Program structure and rules

All Majors and Specializations consist of a combination of required and complementary courses:

In this table, Specializations are shown under the Major(s) they are most often and best associated with. However, any Specialization (except for Professional Agrology) can technically be taken under any Major.

Required and Complementary credits for Majors under the B.Sc.(Ag.Env.Sc.)






Agricultural Economics

  33 9 42
  Agribusiness 12 12 24
  Environmental Economics 9 15 24
  Professional Agrology* 12 12 24

Agro-Environmental Sciences

  36 6 42
  Animal Production 24 0 24
  Ecological Agriculture 12 12 24
  Plant Production 18 6 24
  Professional Agrology* 12 9 21
Environmental Biology   30 12 42
  Applied Ecology 12 12 24
  Plant Biology 9 15 24
  Wildlife Biology 10 14 24
Global Food Security   33 9 42
  International Agriculture 6 18 24
  Ecological Agriculture 12 12 24
Life Sciences   33 9 42
  Animal Biology 15 9 24
  Animal Health and Disease 18 6 24
  Multidisciplinary 0 24 24
  Microbiology and Molecular Biotechnology 18 6 24
  Plant Biology 9 15 24

*Confers direct eligibility to the admission exam of Ordre des agronomes du Québec, and cannot be taken alone; must be taken with Agribusiness under the Agricultural Economics Major, or with one of Animal Production, Ecological Agriculture or Plant Production under the Agro-Environmental Sciences Major. The full list of complementary courses for Professional Agrology taken under the Agro-Env. Sc. Major is not given in the eCalendar. Find it here


How do I find my program requirements?

Program requirements change over time. The requirements that apply to you are those that were in effect at the time when your started your Major and Specialization(s), respectively.
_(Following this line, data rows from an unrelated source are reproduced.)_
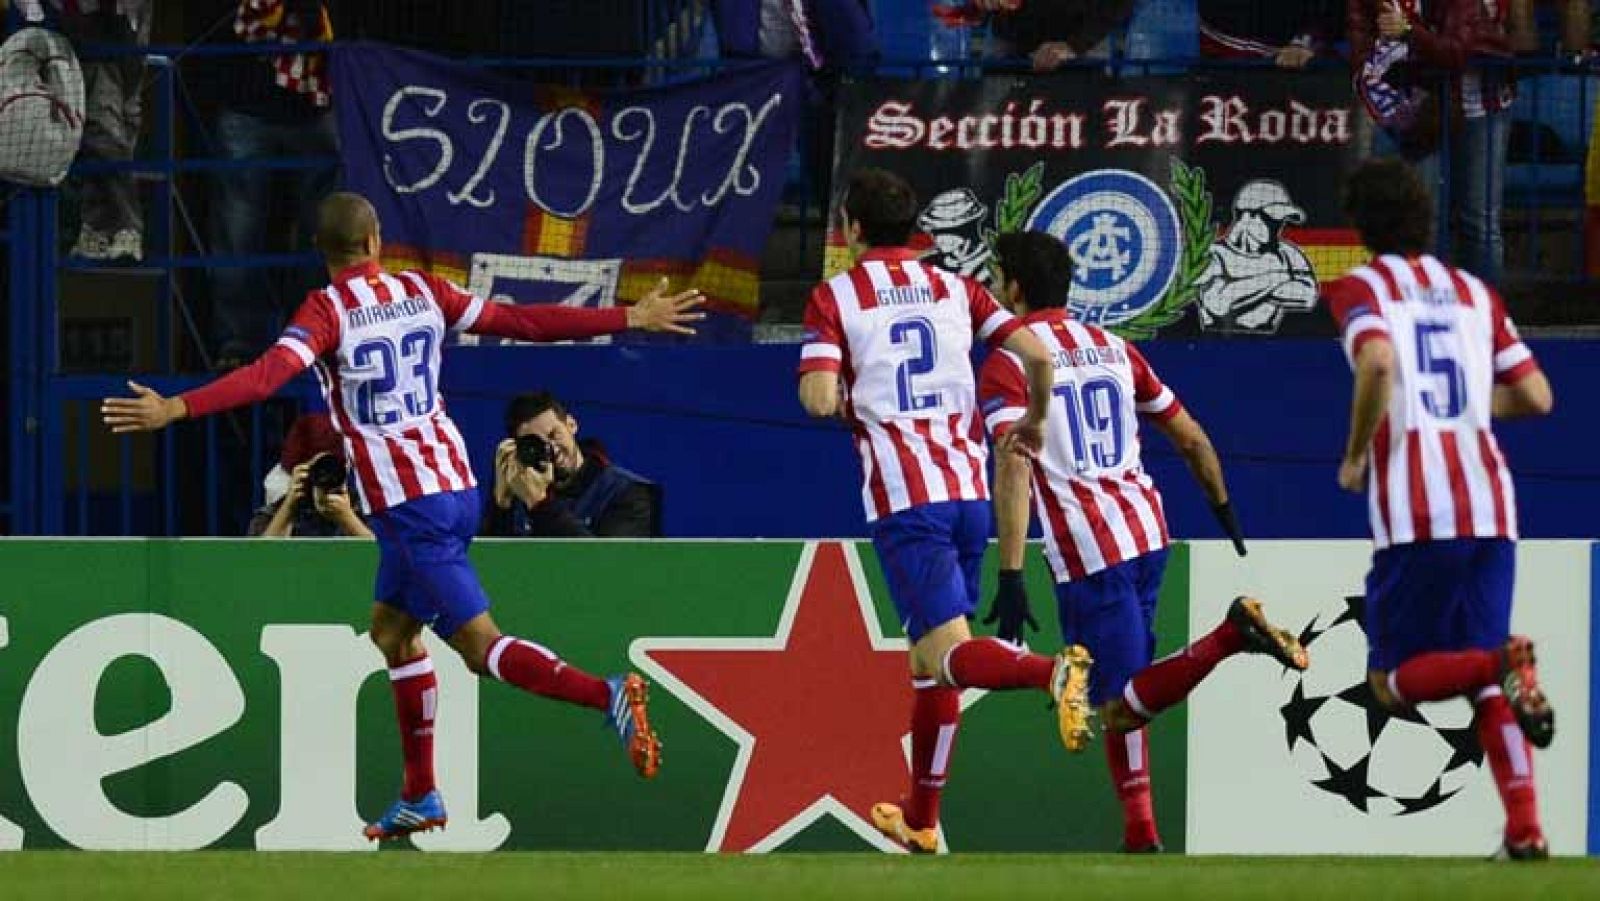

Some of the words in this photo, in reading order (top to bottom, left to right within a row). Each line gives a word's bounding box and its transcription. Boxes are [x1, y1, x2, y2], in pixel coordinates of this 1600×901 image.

[864, 99, 1086, 150] Sección
[1103, 98, 1181, 147] La
[1198, 94, 1350, 144] Roda
[352, 325, 437, 426] 23
[889, 314, 942, 412] 2
[1414, 318, 1468, 419] 5
[1052, 374, 1124, 474] 19
[0, 612, 512, 852] en
For example, you can be in the 2015-2016 version of your Major, and the 2016-2017 version of your Specialization. Program requirements are found on the eCalendar ONLY:

2017-2018 version of the eCalendar Note that this calendar will be updated in August, to its final version. 
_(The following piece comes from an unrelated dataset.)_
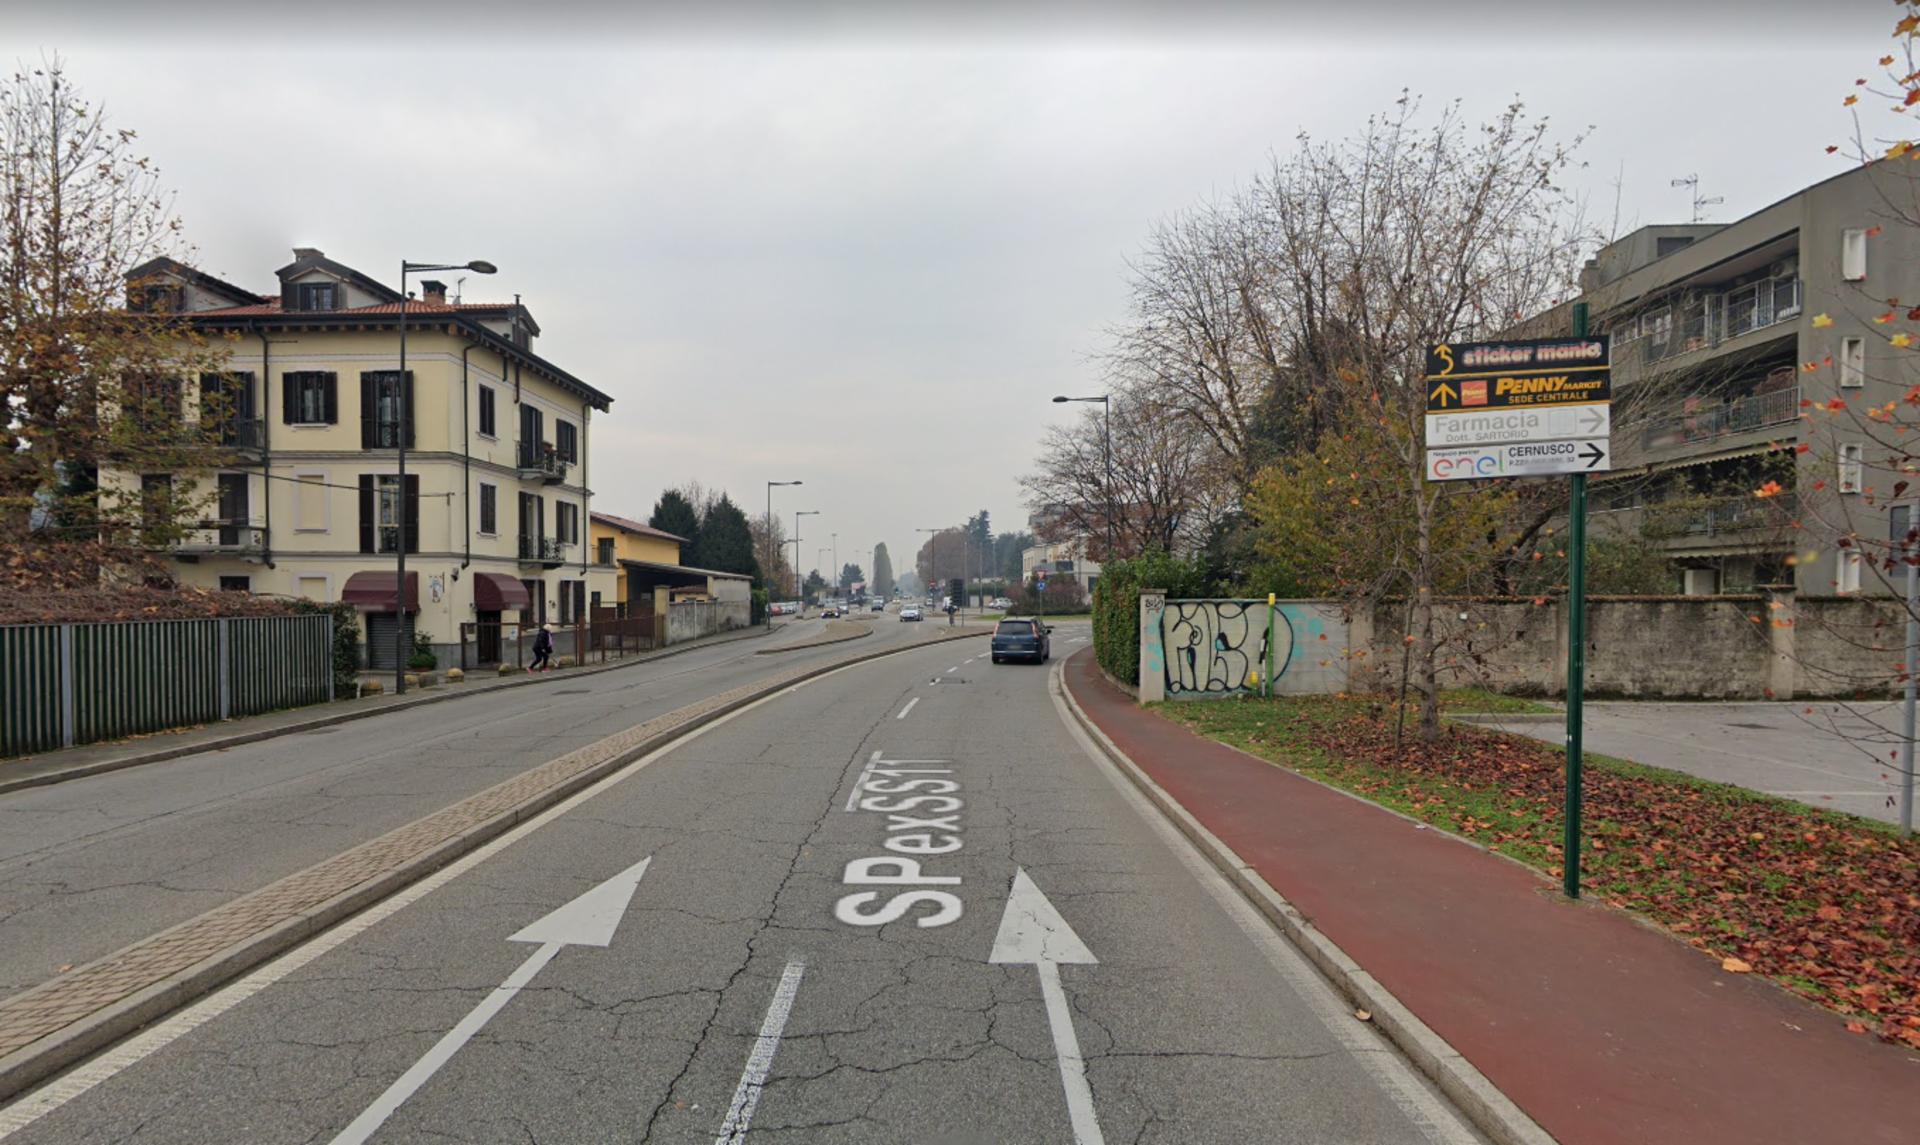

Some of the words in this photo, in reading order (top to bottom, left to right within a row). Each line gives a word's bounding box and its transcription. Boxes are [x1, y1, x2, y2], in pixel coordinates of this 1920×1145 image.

Previous versions of the eCalendar

Make sure you search the correct version of the eCalendar (see the years at the top of the page) for the program component (Major or Specialization) of interest. Enter the name of the component as shown in the table above. Make sure you are looking at the correct entry, by checking the total number of credits. Take care to avoid confusing Minors with Specializations. Specializations are listed under the degree type (B.Sc.(Ag.Env.Sc.), without the mention "Specialization". Remember that if you click on individual courses in the eCalendar's program requirements, you can view pre-requisites and other restrictions. You can also search the eCalendar for courses.

When and how do I declare my Specialization(s)?

Most students start taking courses in their Specialization in U2, so you would have to have chosen yours after you finish U1. Note that you can change your Specialization during U1 and U2, but the Major and Specialization(s) you graduate with must appear on your record for the last two consecutive terms before you graduate. To declare or change your Specialization(s), complete and sign this form (also available in paper format in my office). I need to sign it and it usually takes several weeks or sometimes months for forms to be processed by the Student Affairs Office, and your record updated. Also, note that registration in some U2 courses (like ANSC 251 Comparative Anatomy, for example), is restricted to students in certain Specializations. Thus, to register for such courses when registration opens in April of your U1, you need to already be in the Specialization. Plan ahead!

What if there are courses that are listed in both my Major and Specialization?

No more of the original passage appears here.